On November 30, guests gathered at the luxury watchmaker Vacheron Constantin’s Miami Design District boutique to discover “Art in Motion.” Kicking off Miami Art Week, the evening celebrated creativity, craftsmanship, and movement through a site-specific art activation and cross-generational dialogue between artist Najja Moon and the late Chris Burden.
Earlier this year, timed with the opening of its new flagship store in New York, Vacheron Constantin debuted a collaboration with the Chris Burden Estate, presenting an immersive in-store installation inspired by the artist’s Metropolis II (2020), on permanent view at LACMA. In that kinetic sculpture, cars move up to the top, and whiz their way down, winding through streets and skyscrapers.
The resulting installation in New York of tall gold buildings, windows aglow, wrapped in roads where golden cars zoom about (which is also a nod to the brand’s American 1921 driving watch), was replicated in Miami. Once again, it pays homage to the creativity and energy of the city, further expressed through an intervention from Miami-based artist Moon.
Moon’s multi-disciplinary practice brings together visual art, design, language, and performance. She explores queer identity, the body, and movement through drawing and text. For “Art in Motion” with Vacheron Constantin, four of Moon’s black-and-white drawings of curving lines, motifs, and symbols—a visual language distinctly her own—were framed and hung around the store. The repetition and motion of her pieces engage with the mechanical watches on display (some with visibly oscillating movements) as well as three 18th-century watchmaking tools on view straight from Geneva.
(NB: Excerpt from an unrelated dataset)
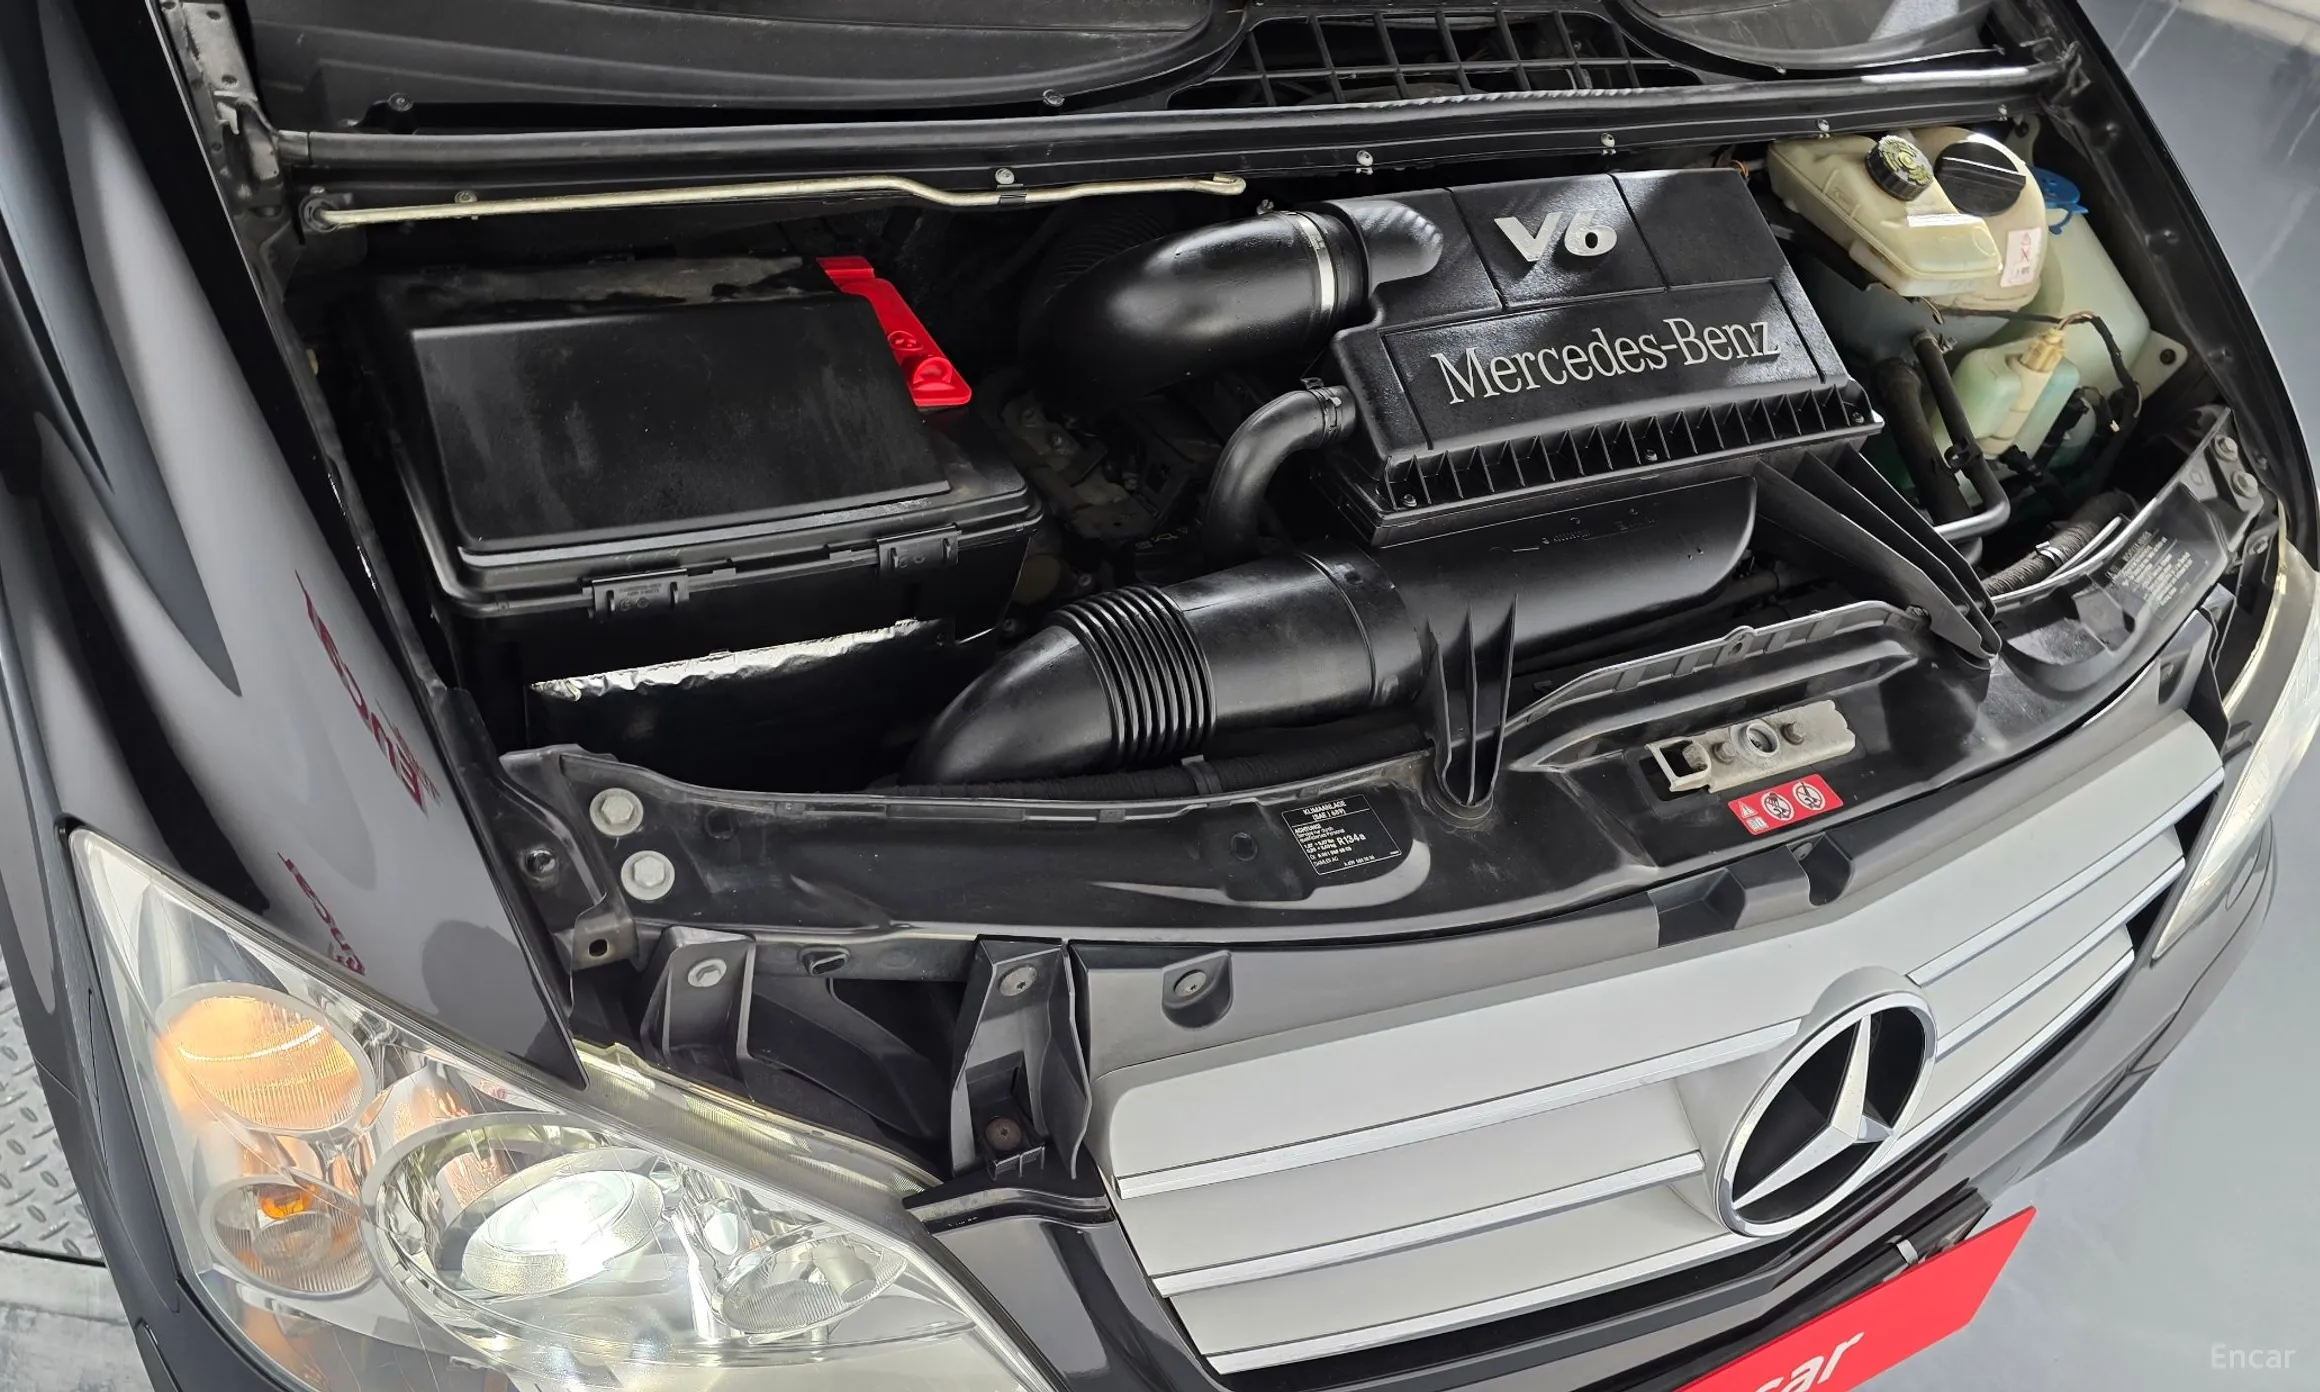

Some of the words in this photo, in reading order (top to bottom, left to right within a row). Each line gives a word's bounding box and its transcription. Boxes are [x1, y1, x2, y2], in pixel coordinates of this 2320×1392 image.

[1494, 208, 1618, 262] V6
[1430, 317, 1781, 405] Mercedes-Benz
[1336, 832, 1367, 846] R134a
Intervening with the Burden-inspired city sculpture, Moon outfitted digital screens in several windows of each building, displaying photographs and images of drawings, taken of and made from friends and people in her community in Miami, their bodies captured uniquely in motion.
While enjoying drinks and passed bites, guests on Monday night had the chance to see “Art in Motion” for the first time in the boutique. Between opportunities to view the site-specific work, as well as the latest timepieces from Vacheron Constantin, attendees listened in on a conversation between Moon, executive director of the Chris Burden Estate Yayoi Shionoiri, and editor-in-chief of Whitewall Katy Donoghue. After an introduction from Vacheron Constantin’s president of the Americas, Alexander Schmiedt, Moon and Shionoiri discussed how the collaboration together, the dialogue between disciplines and time, and the role of memory, movement, and performance in both artists’s work and practice.
“Art in Motion” is currently on view at Vacheron Constantin’s Miami Design District boutique through January 2022.